[Dataset items]
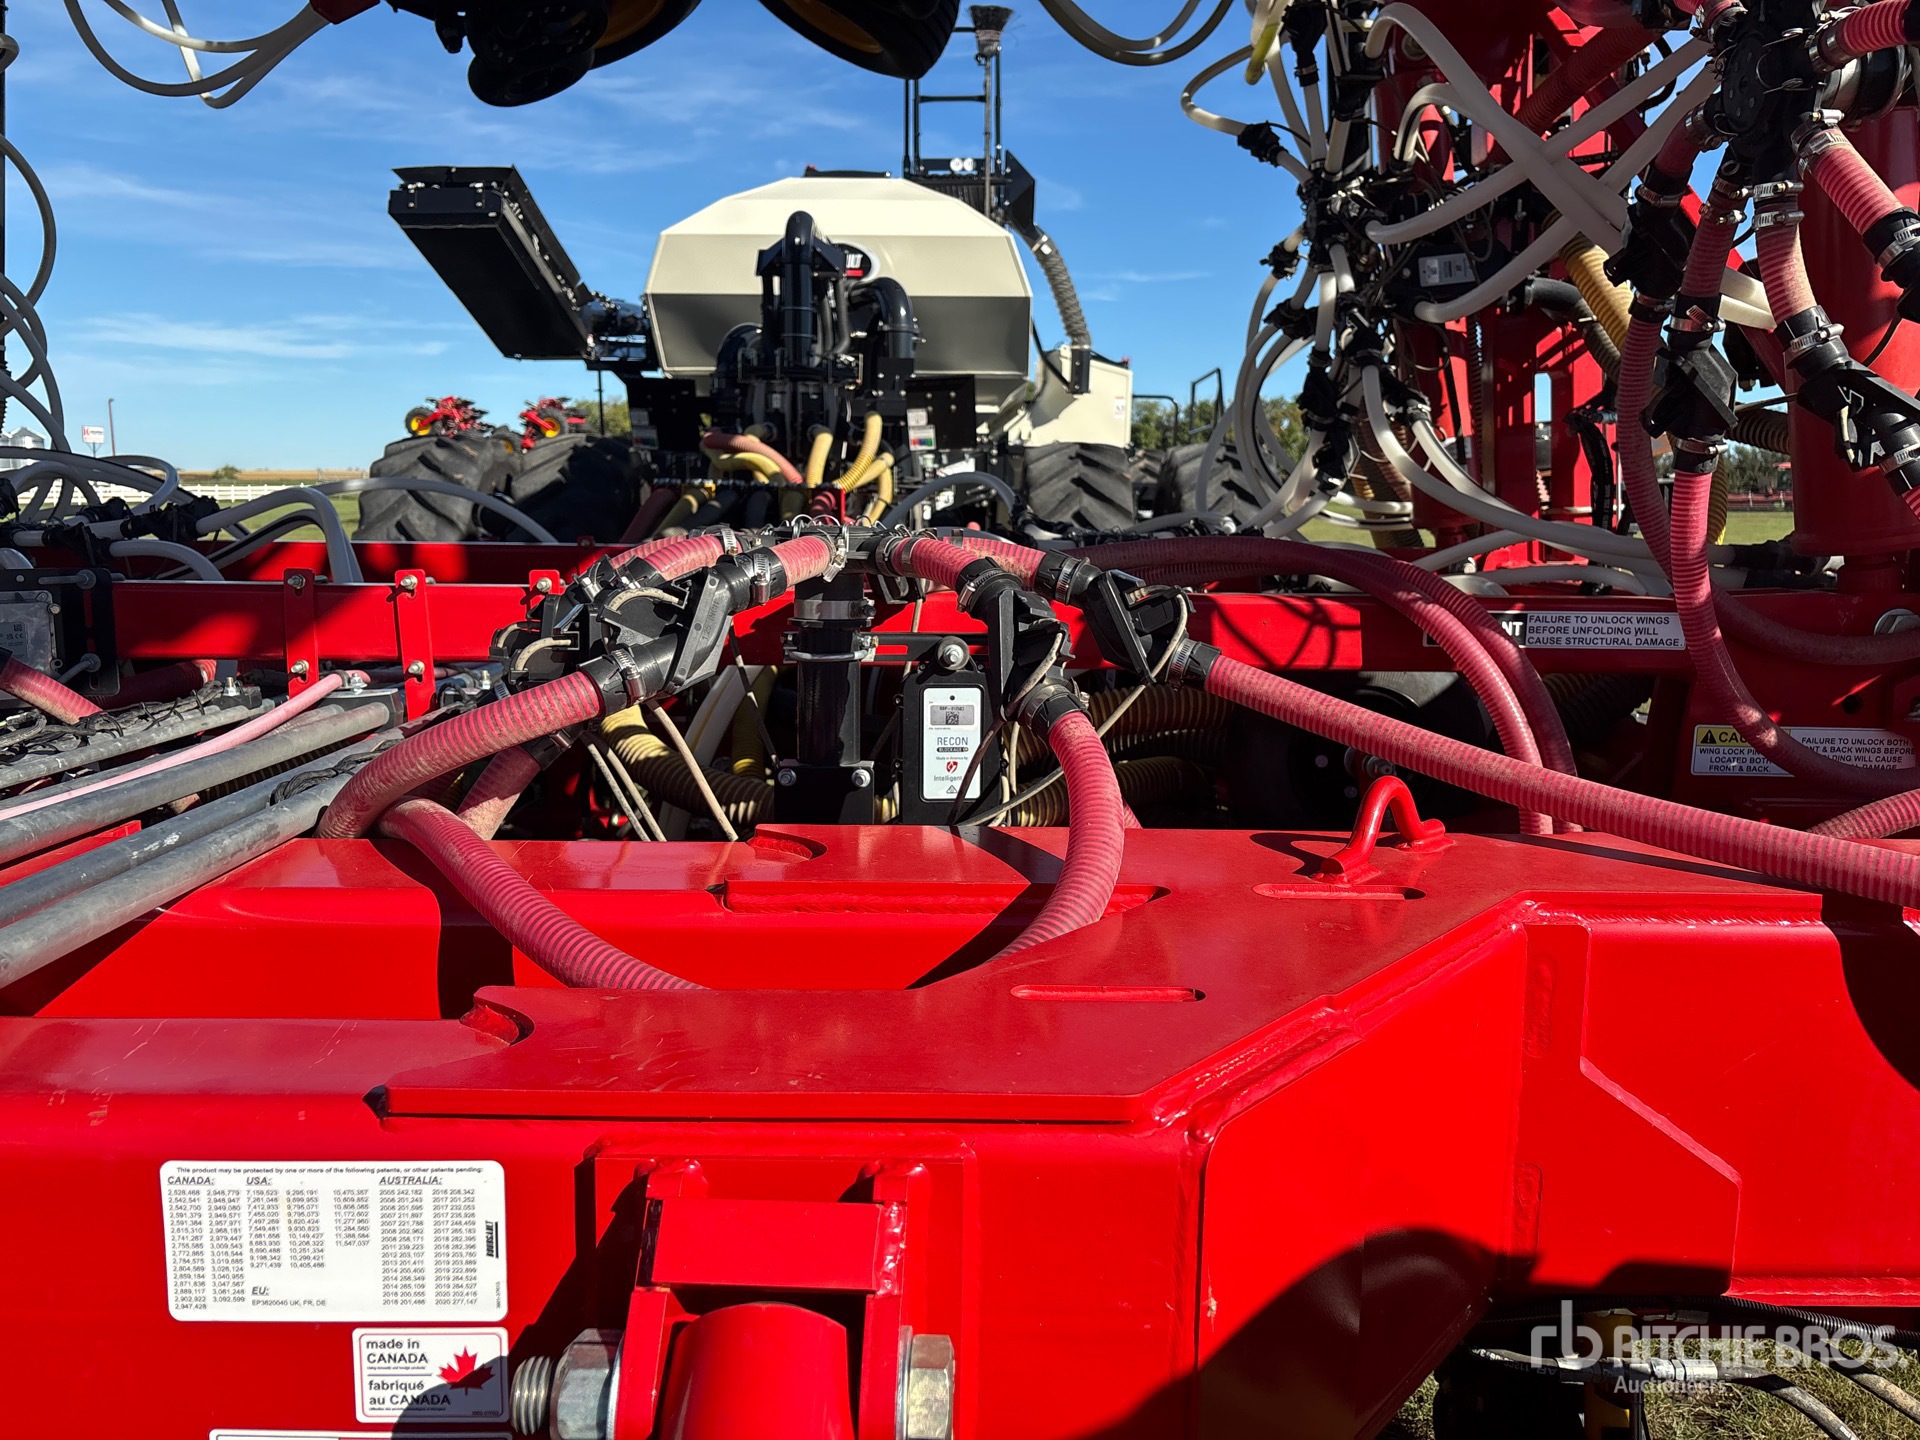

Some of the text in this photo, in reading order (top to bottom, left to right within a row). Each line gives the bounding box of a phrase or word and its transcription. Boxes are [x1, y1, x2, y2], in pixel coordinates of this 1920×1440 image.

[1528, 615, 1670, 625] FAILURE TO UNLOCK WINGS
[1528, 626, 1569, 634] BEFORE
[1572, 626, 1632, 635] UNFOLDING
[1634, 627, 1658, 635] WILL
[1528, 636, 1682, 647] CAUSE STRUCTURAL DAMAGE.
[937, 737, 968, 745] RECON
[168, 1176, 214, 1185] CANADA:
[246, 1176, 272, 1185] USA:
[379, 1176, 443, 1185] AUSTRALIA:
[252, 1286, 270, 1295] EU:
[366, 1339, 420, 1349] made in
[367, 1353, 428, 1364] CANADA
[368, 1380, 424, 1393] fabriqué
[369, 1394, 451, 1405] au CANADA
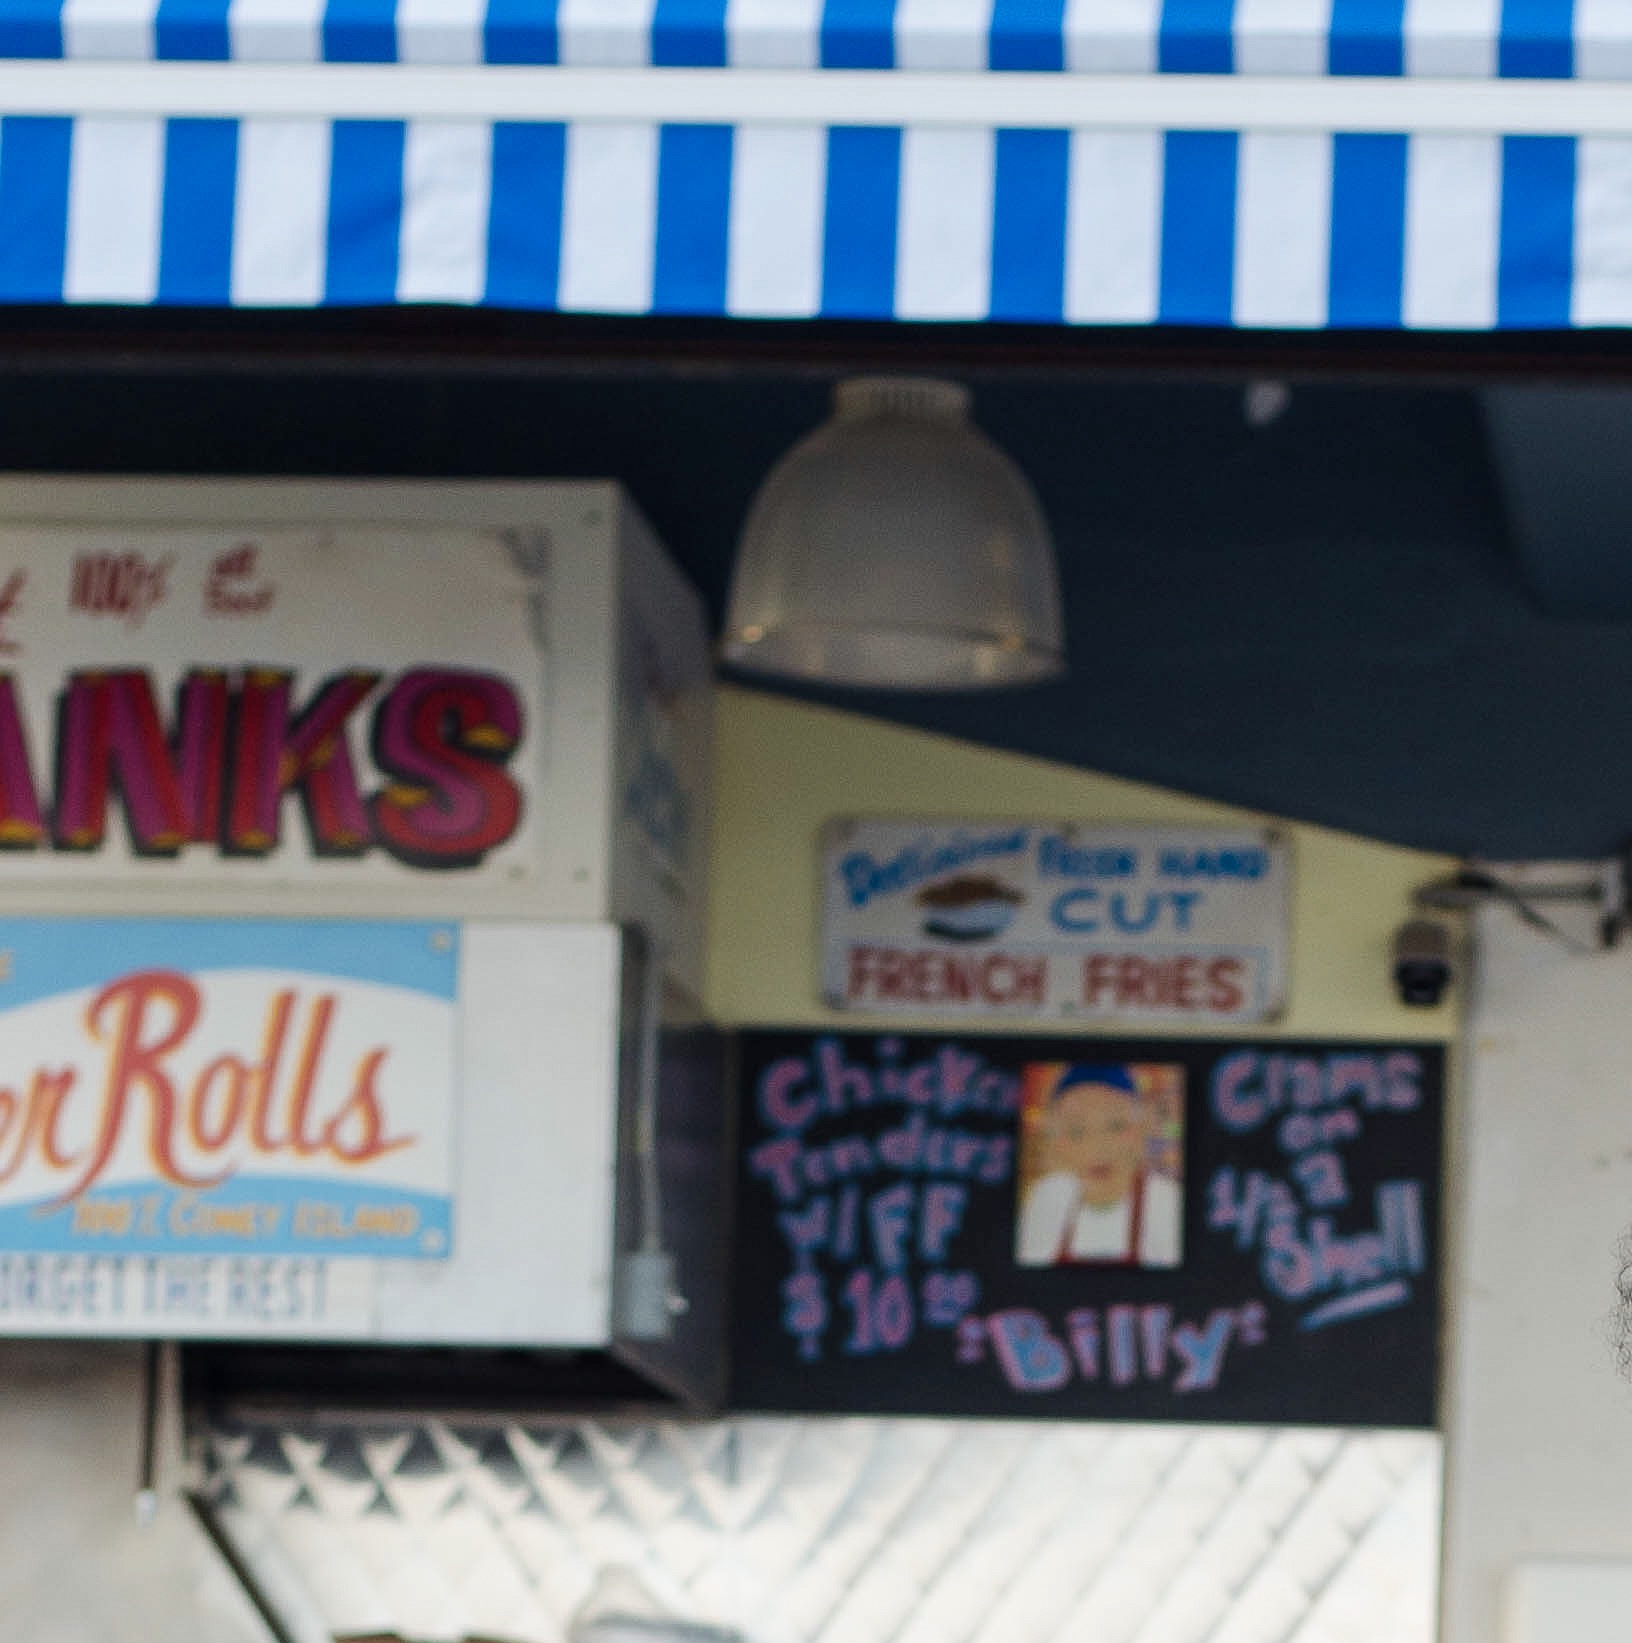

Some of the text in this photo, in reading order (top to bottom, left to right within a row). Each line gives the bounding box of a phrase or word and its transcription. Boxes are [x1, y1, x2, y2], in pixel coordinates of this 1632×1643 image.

- _WORK ITEM_: Write out the data once more exactly, omitting the pictures.

- _ANSWER FOR THE TASK_:
Some of the text in this photo, in reading order (top to bottom, left to right within a row). Each line gives the bounding box of a phrase or word and its transcription. Boxes are [x1, y1, x2, y2], in pixel coordinates of this 1920×1440 image.

[1528, 615, 1670, 625] FAILURE TO UNLOCK WINGS
[1528, 626, 1569, 634] BEFORE
[1572, 626, 1632, 635] UNFOLDING
[1634, 627, 1658, 635] WILL
[1528, 636, 1682, 647] CAUSE STRUCTURAL DAMAGE.
[937, 737, 968, 745] RECON
[168, 1176, 214, 1185] CANADA:
[246, 1176, 272, 1185] USA:
[379, 1176, 443, 1185] AUSTRALIA:
[252, 1286, 270, 1295] EU:
[366, 1339, 420, 1349] made in
[367, 1353, 428, 1364] CANADA
[368, 1380, 424, 1393] fabriqué
[369, 1394, 451, 1405] au CANADA

Some of the text in this photo, in reading order (top to bottom, left to right within a row). Each line gives the bounding box of a phrase or word and its transcription. Boxes are [x1, y1, x2, y2], in pixel coordinates of this 1632×1643 image.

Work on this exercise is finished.